Supplied material START

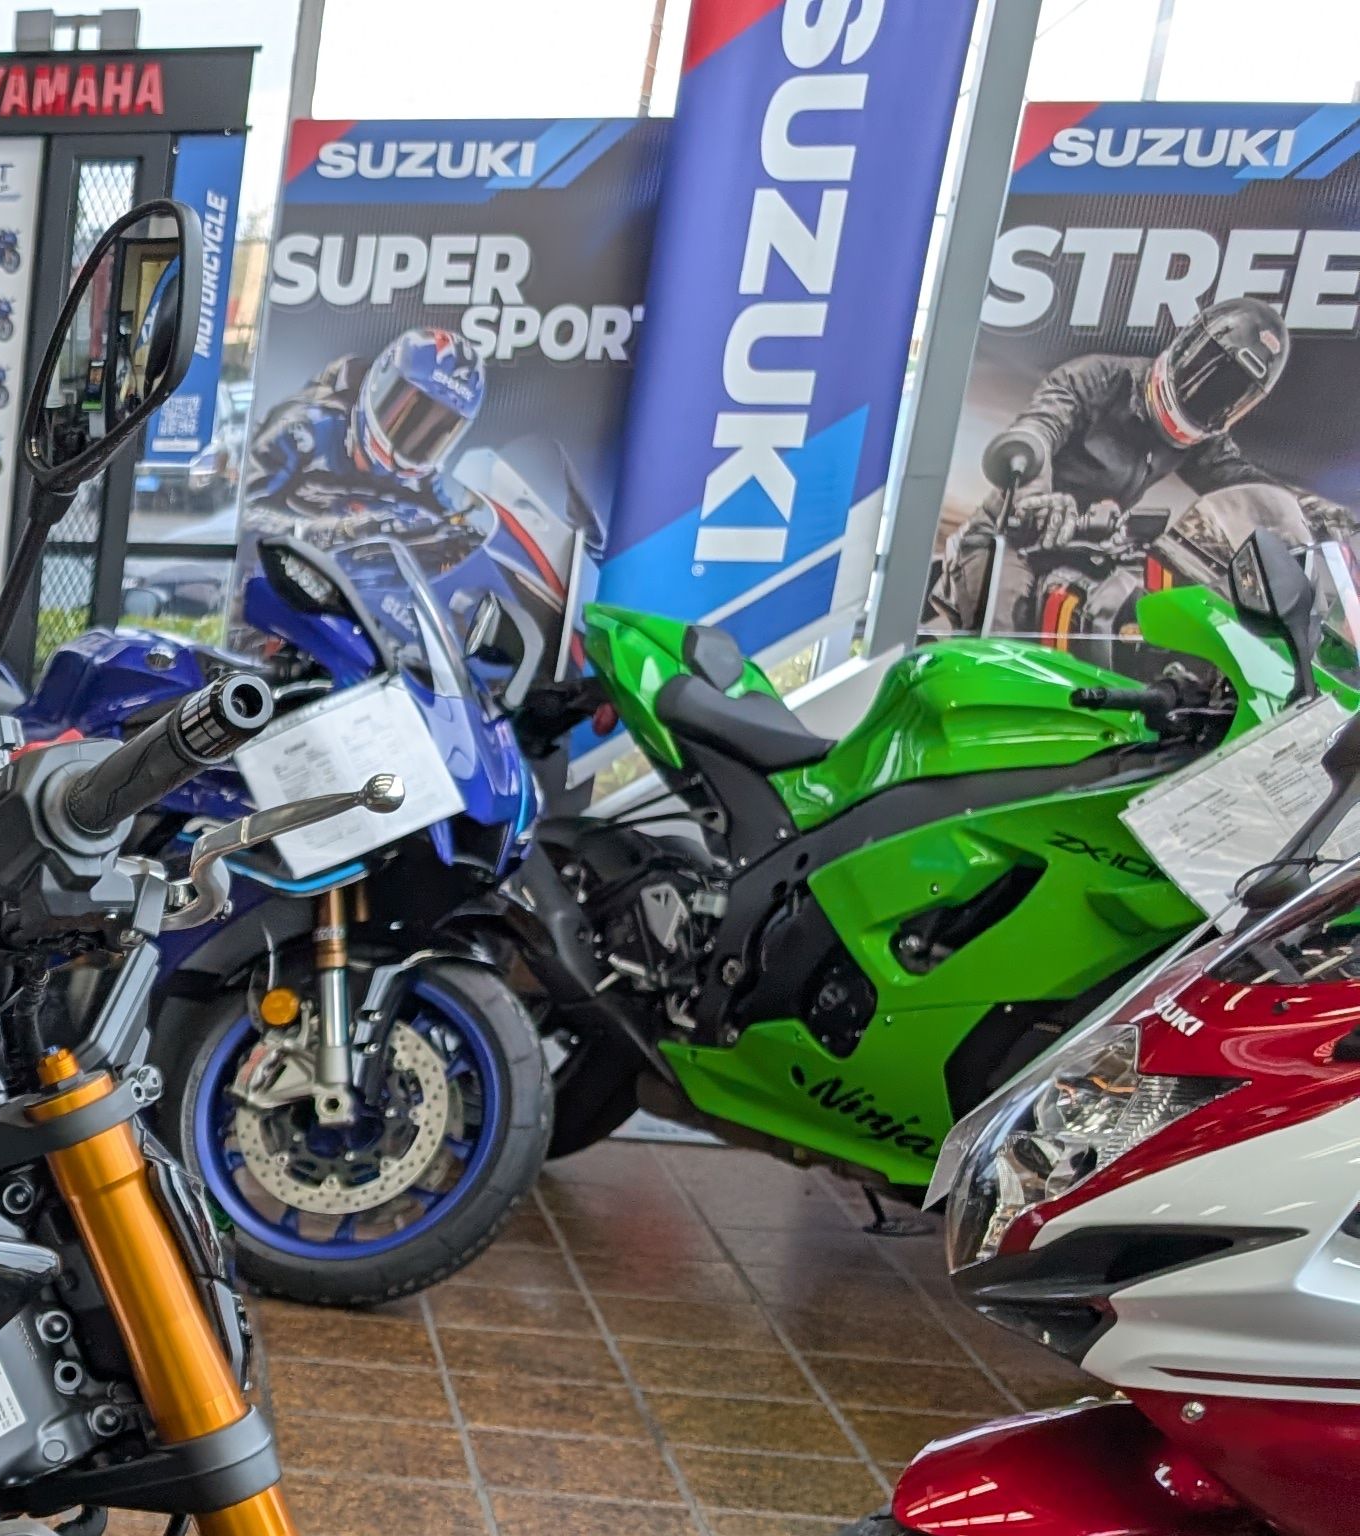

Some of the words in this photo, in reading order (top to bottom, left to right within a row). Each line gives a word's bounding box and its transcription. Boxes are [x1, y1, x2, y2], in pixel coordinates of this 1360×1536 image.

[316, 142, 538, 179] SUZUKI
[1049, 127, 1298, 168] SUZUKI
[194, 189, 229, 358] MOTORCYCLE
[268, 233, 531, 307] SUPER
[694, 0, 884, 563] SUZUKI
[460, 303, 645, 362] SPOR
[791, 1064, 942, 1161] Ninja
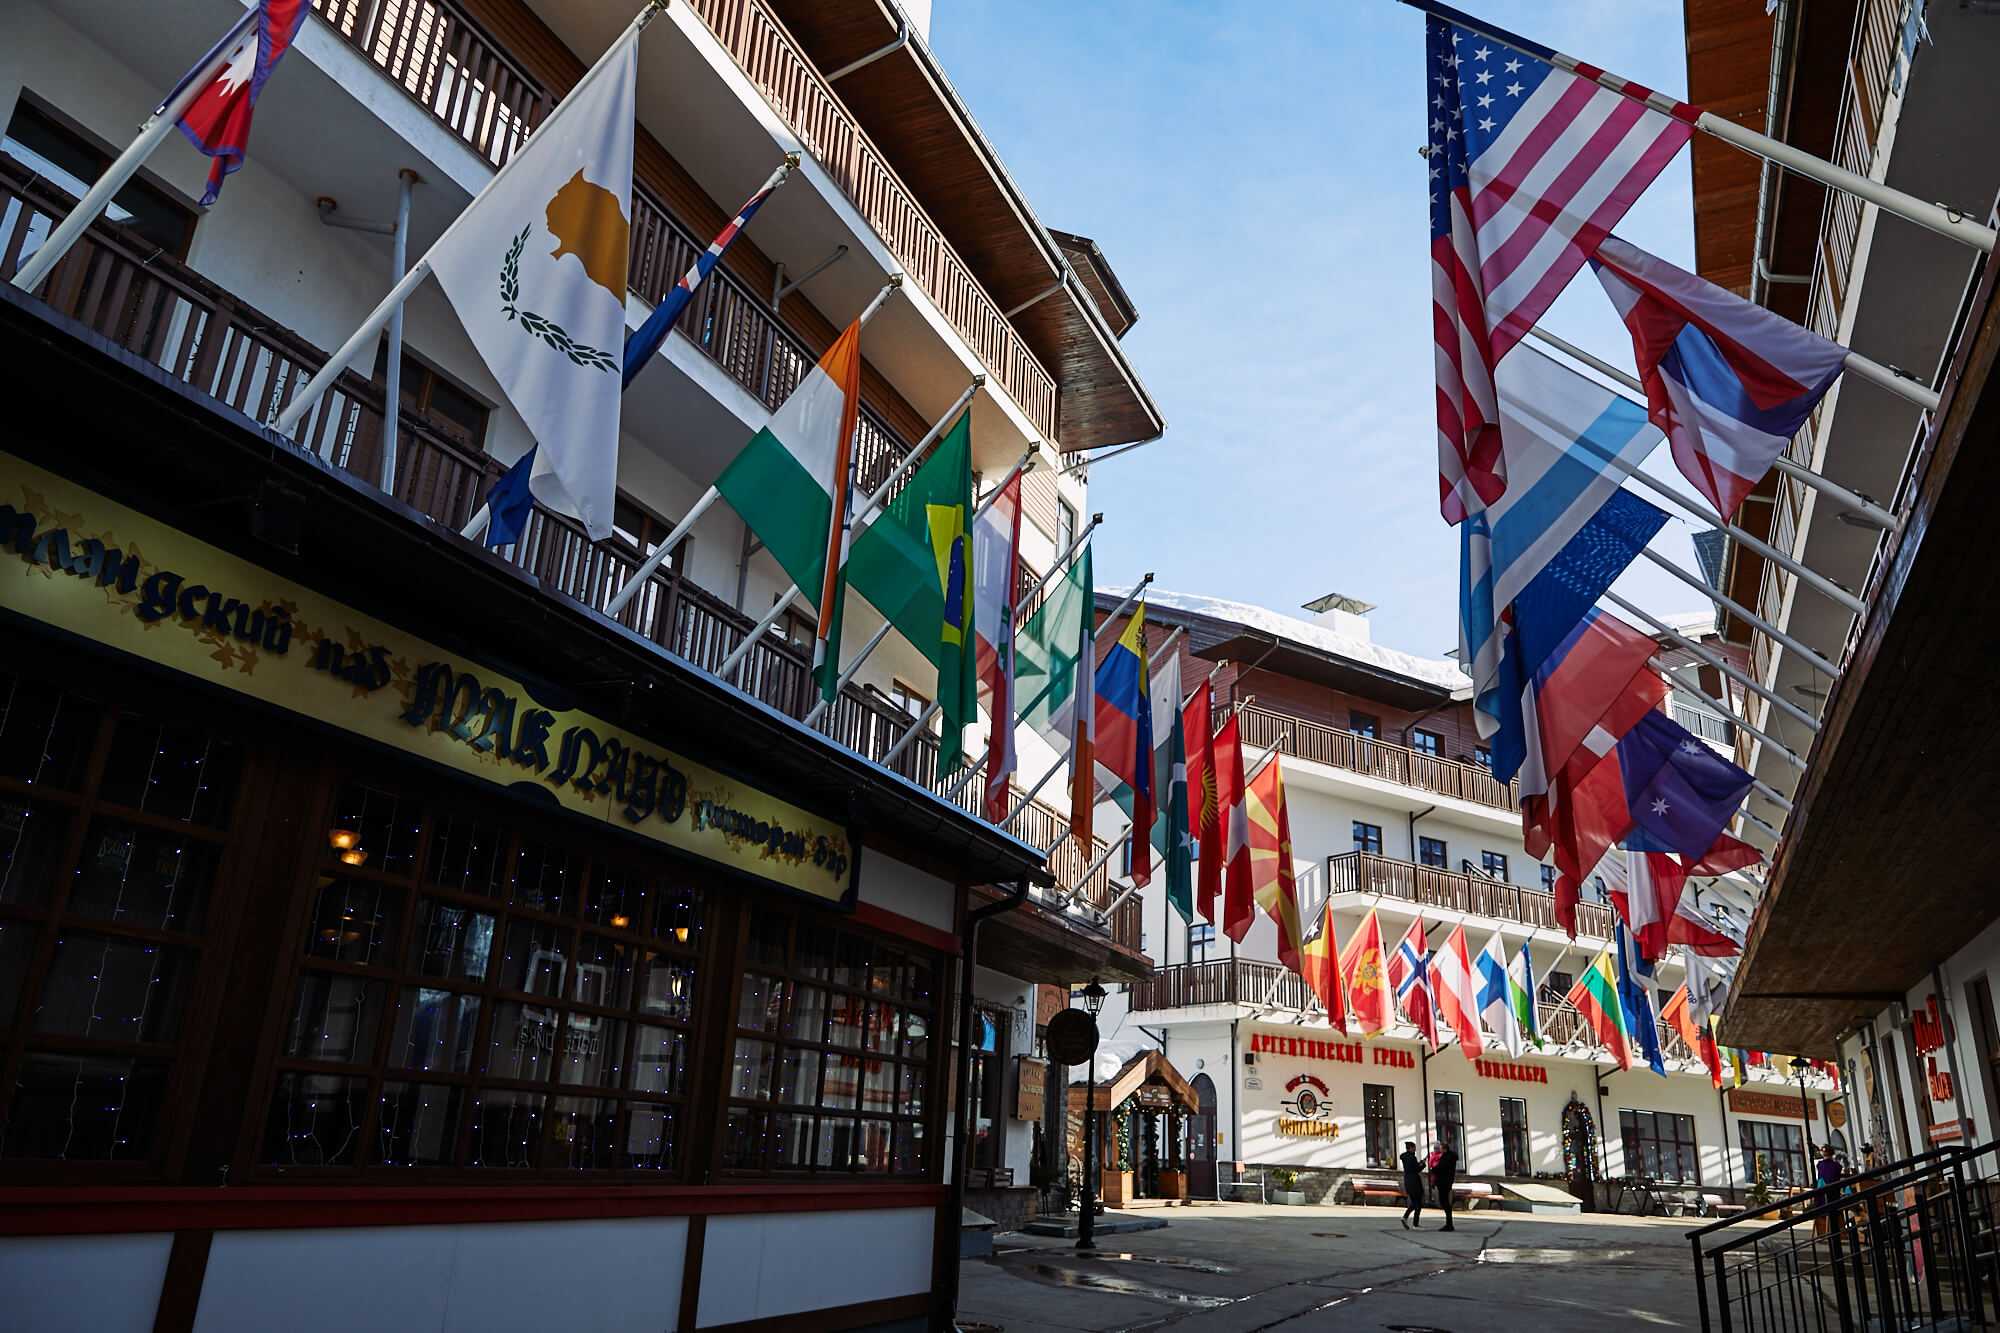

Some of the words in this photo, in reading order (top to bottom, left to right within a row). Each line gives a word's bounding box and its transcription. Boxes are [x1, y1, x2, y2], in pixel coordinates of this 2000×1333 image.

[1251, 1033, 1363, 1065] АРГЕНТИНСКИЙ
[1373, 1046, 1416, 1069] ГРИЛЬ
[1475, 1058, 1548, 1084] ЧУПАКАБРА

Supplied material END

**To do:**
The records above are to be repeated exactly, apart from their pictures.

**Answer to this exercise:**
Some of the words in this photo, in reading order (top to bottom, left to right within a row). Each line gives a word's bounding box and its transcription. Boxes are [x1, y1, x2, y2], in pixel coordinates of this 1360×1536 image.

[316, 142, 538, 179] SUZUKI
[1049, 127, 1298, 168] SUZUKI
[194, 189, 229, 358] MOTORCYCLE
[268, 233, 531, 307] SUPER
[694, 0, 884, 563] SUZUKI
[460, 303, 645, 362] SPOR
[791, 1064, 942, 1161] Ninja

Some of the words in this photo, in reading order (top to bottom, left to right within a row). Each line gives a word's bounding box and its transcription. Boxes are [x1, y1, x2, y2], in pixel coordinates of this 2000×1333 image.

[1251, 1033, 1363, 1065] АРГЕНТИНСКИЙ
[1373, 1046, 1416, 1069] ГРИЛЬ
[1475, 1058, 1548, 1084] ЧУПАКАБРА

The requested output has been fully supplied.